START Data for analysis

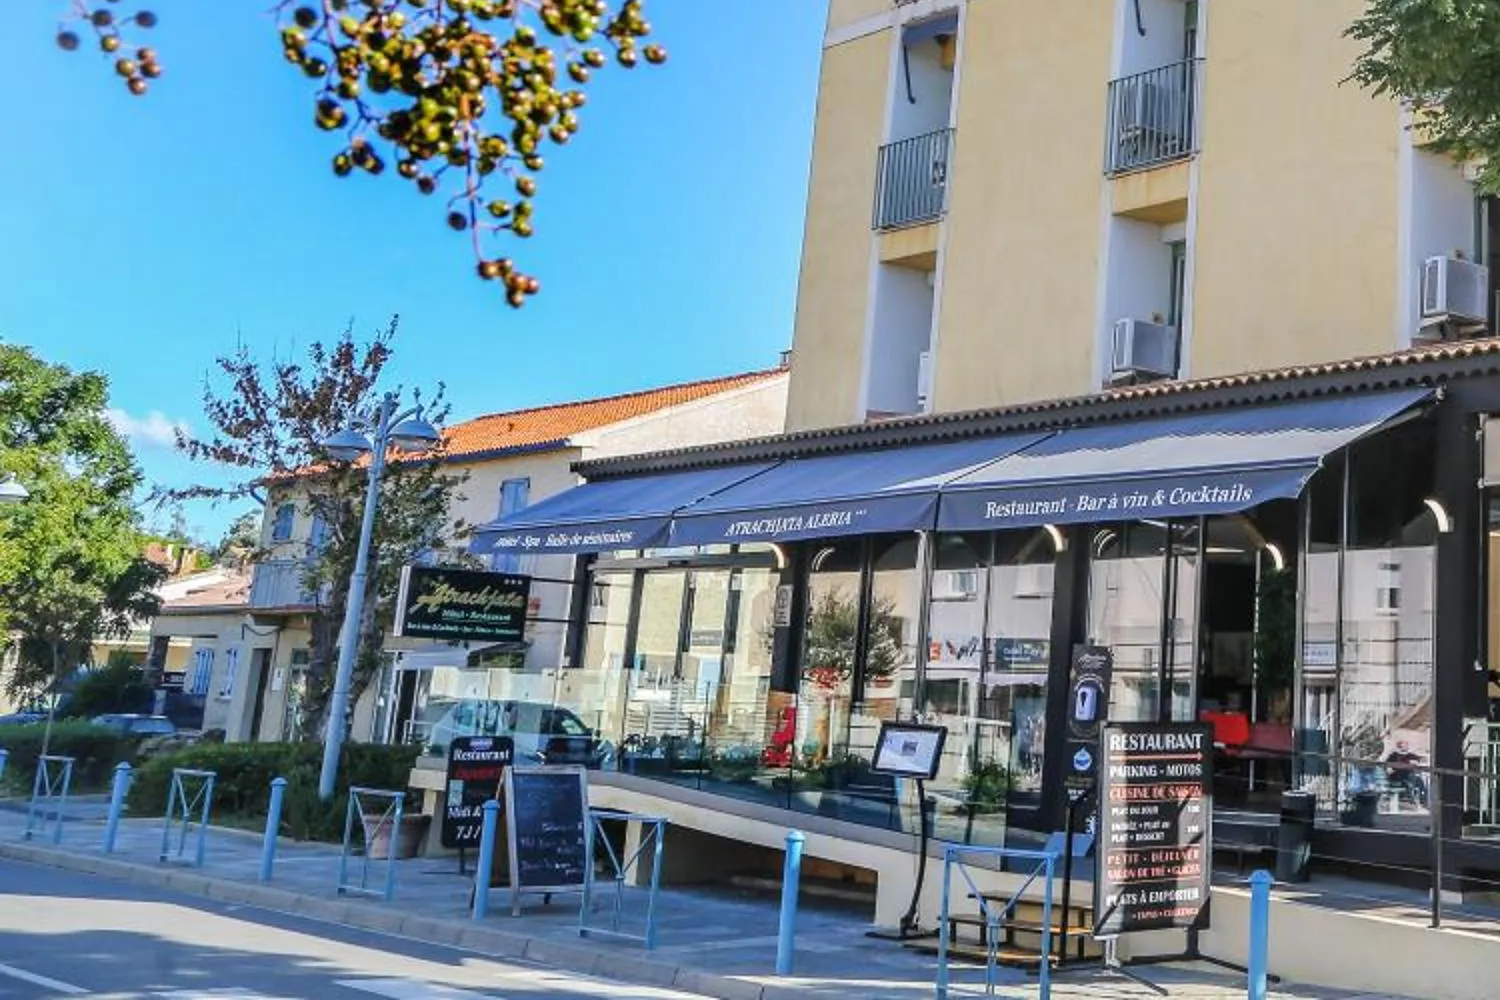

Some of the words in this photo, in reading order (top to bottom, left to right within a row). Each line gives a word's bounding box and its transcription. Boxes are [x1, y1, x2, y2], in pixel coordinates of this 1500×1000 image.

[985, 497, 1067, 519] Restaurant
[1076, 494, 1107, 512] Bar
[1107, 492, 1118, 509] à
[1122, 490, 1149, 509] vin
[1151, 488, 1167, 507] &
[1169, 483, 1254, 506] Cocktails
[803, 510, 851, 529] ALERIA
[1110, 733, 1204, 751] RESTAURANT
[453, 749, 510, 761] Restaurant
[1109, 764, 1157, 777] PARKING
[1166, 763, 1203, 777] MOTOS
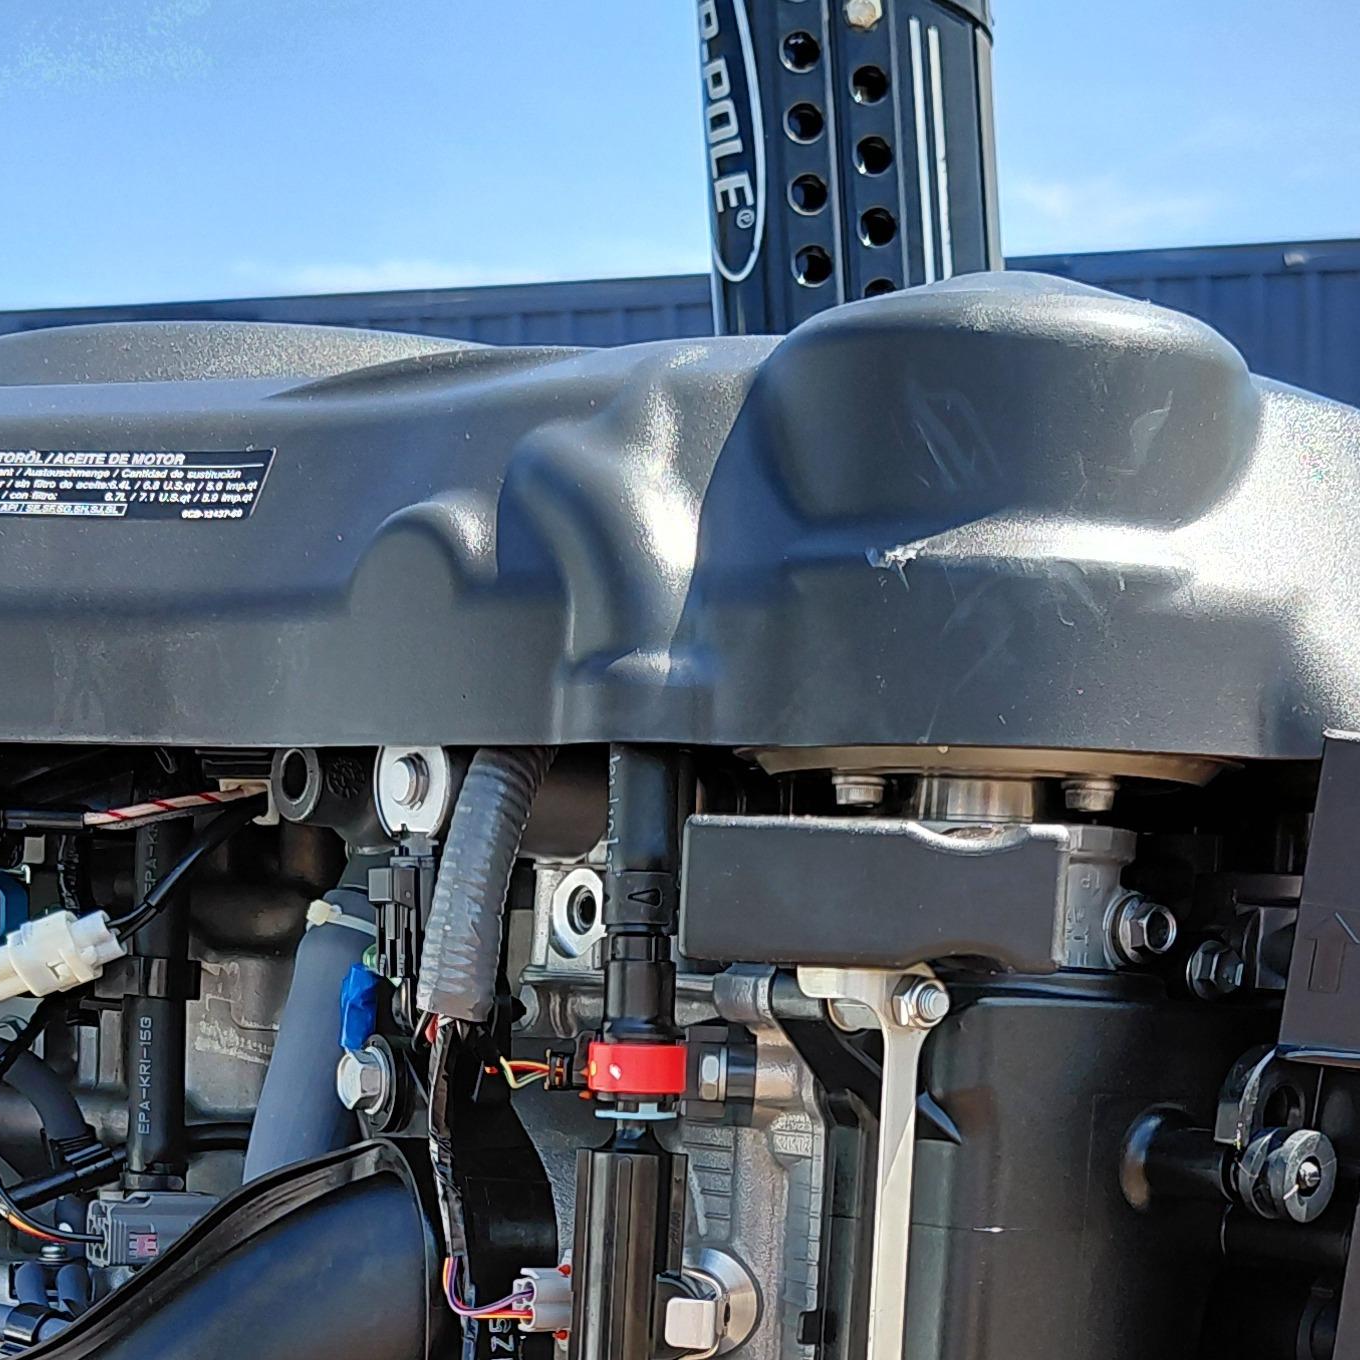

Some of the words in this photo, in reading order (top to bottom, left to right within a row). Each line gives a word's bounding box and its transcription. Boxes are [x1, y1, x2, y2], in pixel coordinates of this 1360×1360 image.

[53, 453, 107, 464] ACEITE
[108, 454, 130, 464] DE
[132, 454, 185, 465] MOTOR
[24, 468, 110, 479] Austauschmenge
[121, 470, 167, 478] Cantidad
[0, 503, 18, 512] API
[139, 1016, 154, 1136] EPA-KRI-15G
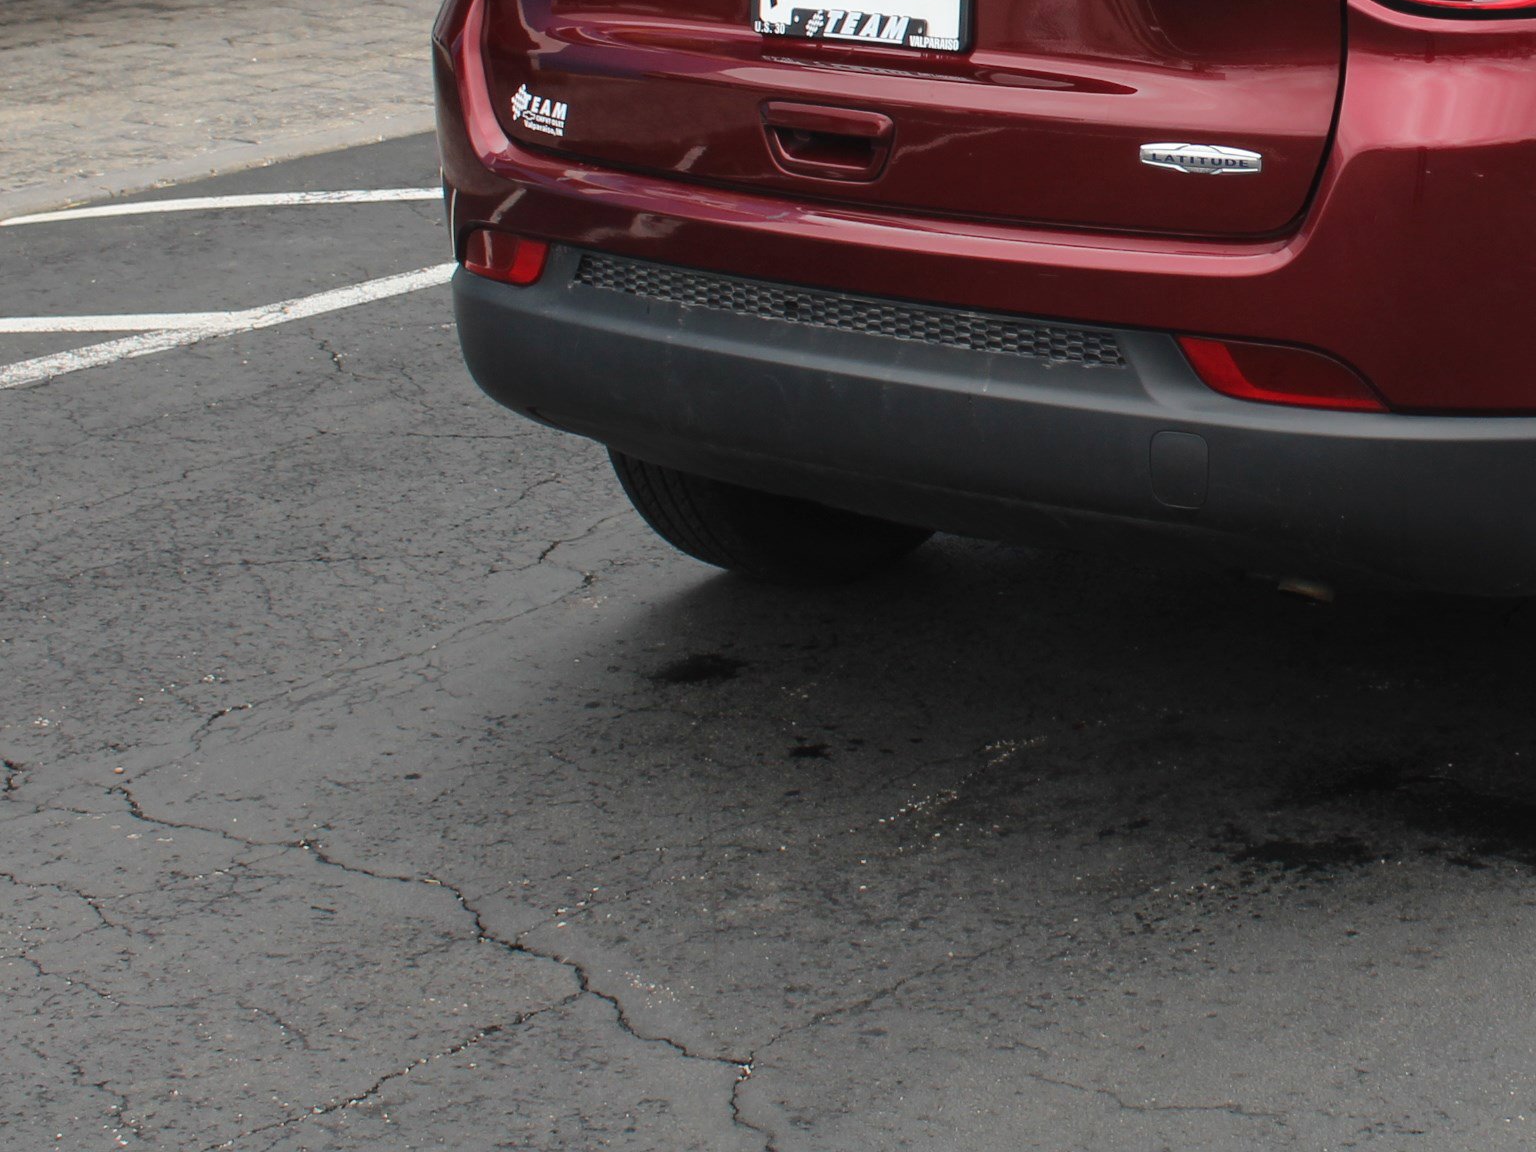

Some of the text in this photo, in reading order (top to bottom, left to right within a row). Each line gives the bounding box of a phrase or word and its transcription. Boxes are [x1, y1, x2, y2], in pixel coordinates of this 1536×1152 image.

[754, 20, 786, 35] U.S. 30
[824, 10, 910, 40] TEAM
[909, 35, 959, 51] VALPARAISO
[522, 92, 568, 121] TEAM
[1151, 152, 1250, 168] LATITUDE

END Data for analysis

Goal of the exercise — Every entry must be transcribed exactly. Pictures do not belong in the copy.

Task result —
Some of the words in this photo, in reading order (top to bottom, left to right within a row). Each line gives a word's bounding box and its transcription. Boxes are [x1, y1, x2, y2], in pixel coordinates of this 1500×1000 image.

[985, 497, 1067, 519] Restaurant
[1076, 494, 1107, 512] Bar
[1107, 492, 1118, 509] à
[1122, 490, 1149, 509] vin
[1151, 488, 1167, 507] &
[1169, 483, 1254, 506] Cocktails
[803, 510, 851, 529] ALERIA
[1110, 733, 1204, 751] RESTAURANT
[453, 749, 510, 761] Restaurant
[1109, 764, 1157, 777] PARKING
[1166, 763, 1203, 777] MOTOS

Some of the words in this photo, in reading order (top to bottom, left to right within a row). Each line gives a word's bounding box and its transcription. Boxes are [x1, y1, x2, y2], in pixel coordinates of this 1360×1360 image.

[53, 453, 107, 464] ACEITE
[108, 454, 130, 464] DE
[132, 454, 185, 465] MOTOR
[24, 468, 110, 479] Austauschmenge
[121, 470, 167, 478] Cantidad
[0, 503, 18, 512] API
[139, 1016, 154, 1136] EPA-KRI-15G

Some of the text in this photo, in reading order (top to bottom, left to right within a row). Each line gives the bounding box of a phrase or word and its transcription. Boxes are [x1, y1, x2, y2], in pixel coordinates of this 1536×1152 image.

[754, 20, 786, 35] U.S. 30
[824, 10, 910, 40] TEAM
[909, 35, 959, 51] VALPARAISO
[522, 92, 568, 121] TEAM
[1151, 152, 1250, 168] LATITUDE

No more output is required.